Task prompt » Print every record below exactly as it stands.

Raw data »

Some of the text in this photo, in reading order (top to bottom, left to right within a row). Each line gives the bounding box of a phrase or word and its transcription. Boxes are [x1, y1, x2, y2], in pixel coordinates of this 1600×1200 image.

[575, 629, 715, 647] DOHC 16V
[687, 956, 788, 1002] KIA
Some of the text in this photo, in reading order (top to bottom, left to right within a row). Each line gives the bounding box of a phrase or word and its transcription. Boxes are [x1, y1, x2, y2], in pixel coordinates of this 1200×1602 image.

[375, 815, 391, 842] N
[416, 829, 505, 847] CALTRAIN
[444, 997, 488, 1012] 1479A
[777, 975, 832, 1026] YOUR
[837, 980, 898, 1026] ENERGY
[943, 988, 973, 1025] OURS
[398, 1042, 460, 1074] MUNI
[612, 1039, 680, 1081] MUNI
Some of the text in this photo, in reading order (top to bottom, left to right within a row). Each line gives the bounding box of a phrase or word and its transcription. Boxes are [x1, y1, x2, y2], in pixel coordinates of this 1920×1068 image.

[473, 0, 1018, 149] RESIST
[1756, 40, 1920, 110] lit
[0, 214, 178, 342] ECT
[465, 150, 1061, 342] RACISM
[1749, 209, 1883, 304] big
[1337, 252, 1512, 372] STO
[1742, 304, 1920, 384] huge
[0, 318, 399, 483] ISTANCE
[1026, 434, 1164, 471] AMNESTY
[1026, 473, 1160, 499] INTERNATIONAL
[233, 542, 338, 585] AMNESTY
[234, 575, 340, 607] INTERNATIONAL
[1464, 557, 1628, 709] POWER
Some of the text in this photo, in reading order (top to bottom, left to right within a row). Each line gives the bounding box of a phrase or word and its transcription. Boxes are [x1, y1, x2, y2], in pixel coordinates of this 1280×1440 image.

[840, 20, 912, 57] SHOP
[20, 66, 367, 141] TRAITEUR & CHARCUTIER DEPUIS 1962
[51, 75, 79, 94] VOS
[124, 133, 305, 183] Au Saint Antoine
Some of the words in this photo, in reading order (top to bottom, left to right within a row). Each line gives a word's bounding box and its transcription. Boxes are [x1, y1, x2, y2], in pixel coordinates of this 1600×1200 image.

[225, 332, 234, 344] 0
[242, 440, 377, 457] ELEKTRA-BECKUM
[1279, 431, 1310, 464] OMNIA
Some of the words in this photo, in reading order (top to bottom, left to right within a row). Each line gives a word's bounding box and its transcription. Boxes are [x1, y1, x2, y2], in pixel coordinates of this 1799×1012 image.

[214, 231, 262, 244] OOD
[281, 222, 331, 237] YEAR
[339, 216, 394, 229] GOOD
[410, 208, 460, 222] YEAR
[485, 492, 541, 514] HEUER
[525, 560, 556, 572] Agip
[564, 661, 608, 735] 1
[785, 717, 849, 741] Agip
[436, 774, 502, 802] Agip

Task result »
Some of the text in this photo, in reading order (top to bottom, left to right within a row). Each line gives the bounding box of a phrase or word and its transcription. Boxes are [x1, y1, x2, y2], in pixel coordinates of this 1600×1200 image.

[575, 629, 715, 647] DOHC 16V
[687, 956, 788, 1002] KIA
Some of the text in this photo, in reading order (top to bottom, left to right within a row). Each line gives the bounding box of a phrase or word and its transcription. Boxes are [x1, y1, x2, y2], in pixel coordinates of this 1200×1602 image.

[375, 815, 391, 842] N
[416, 829, 505, 847] CALTRAIN
[444, 997, 488, 1012] 1479A
[777, 975, 832, 1026] YOUR
[837, 980, 898, 1026] ENERGY
[943, 988, 973, 1025] OURS
[398, 1042, 460, 1074] MUNI
[612, 1039, 680, 1081] MUNI
Some of the text in this photo, in reading order (top to bottom, left to right within a row). Each line gives the bounding box of a phrase or word and its transcription. Boxes are [x1, y1, x2, y2], in pixel coordinates of this 1920×1068 image.

[473, 0, 1018, 149] RESIST
[1756, 40, 1920, 110] lit
[0, 214, 178, 342] ECT
[465, 150, 1061, 342] RACISM
[1749, 209, 1883, 304] big
[1337, 252, 1512, 372] STO
[1742, 304, 1920, 384] huge
[0, 318, 399, 483] ISTANCE
[1026, 434, 1164, 471] AMNESTY
[1026, 473, 1160, 499] INTERNATIONAL
[233, 542, 338, 585] AMNESTY
[234, 575, 340, 607] INTERNATIONAL
[1464, 557, 1628, 709] POWER
Some of the text in this photo, in reading order (top to bottom, left to right within a row). Each line gives the bounding box of a phrase or word and its transcription. Boxes are [x1, y1, x2, y2], in pixel coordinates of this 1280×1440 image.

[840, 20, 912, 57] SHOP
[20, 66, 367, 141] TRAITEUR & CHARCUTIER DEPUIS 1962
[51, 75, 79, 94] VOS
[124, 133, 305, 183] Au Saint Antoine
Some of the words in this photo, in reading order (top to bottom, left to right within a row). Each line gives a word's bounding box and its transcription. Boxes are [x1, y1, x2, y2], in pixel coordinates of this 1600×1200 image.

[225, 332, 234, 344] 0
[242, 440, 377, 457] ELEKTRA-BECKUM
[1279, 431, 1310, 464] OMNIA
Some of the words in this photo, in reading order (top to bottom, left to right within a row). Each line gives a word's bounding box and its transcription. Boxes are [x1, y1, x2, y2], in pixel coordinates of this 1799×1012 image.

[214, 231, 262, 244] OOD
[281, 222, 331, 237] YEAR
[339, 216, 394, 229] GOOD
[410, 208, 460, 222] YEAR
[485, 492, 541, 514] HEUER
[525, 560, 556, 572] Agip
[564, 661, 608, 735] 1
[785, 717, 849, 741] Agip
[436, 774, 502, 802] Agip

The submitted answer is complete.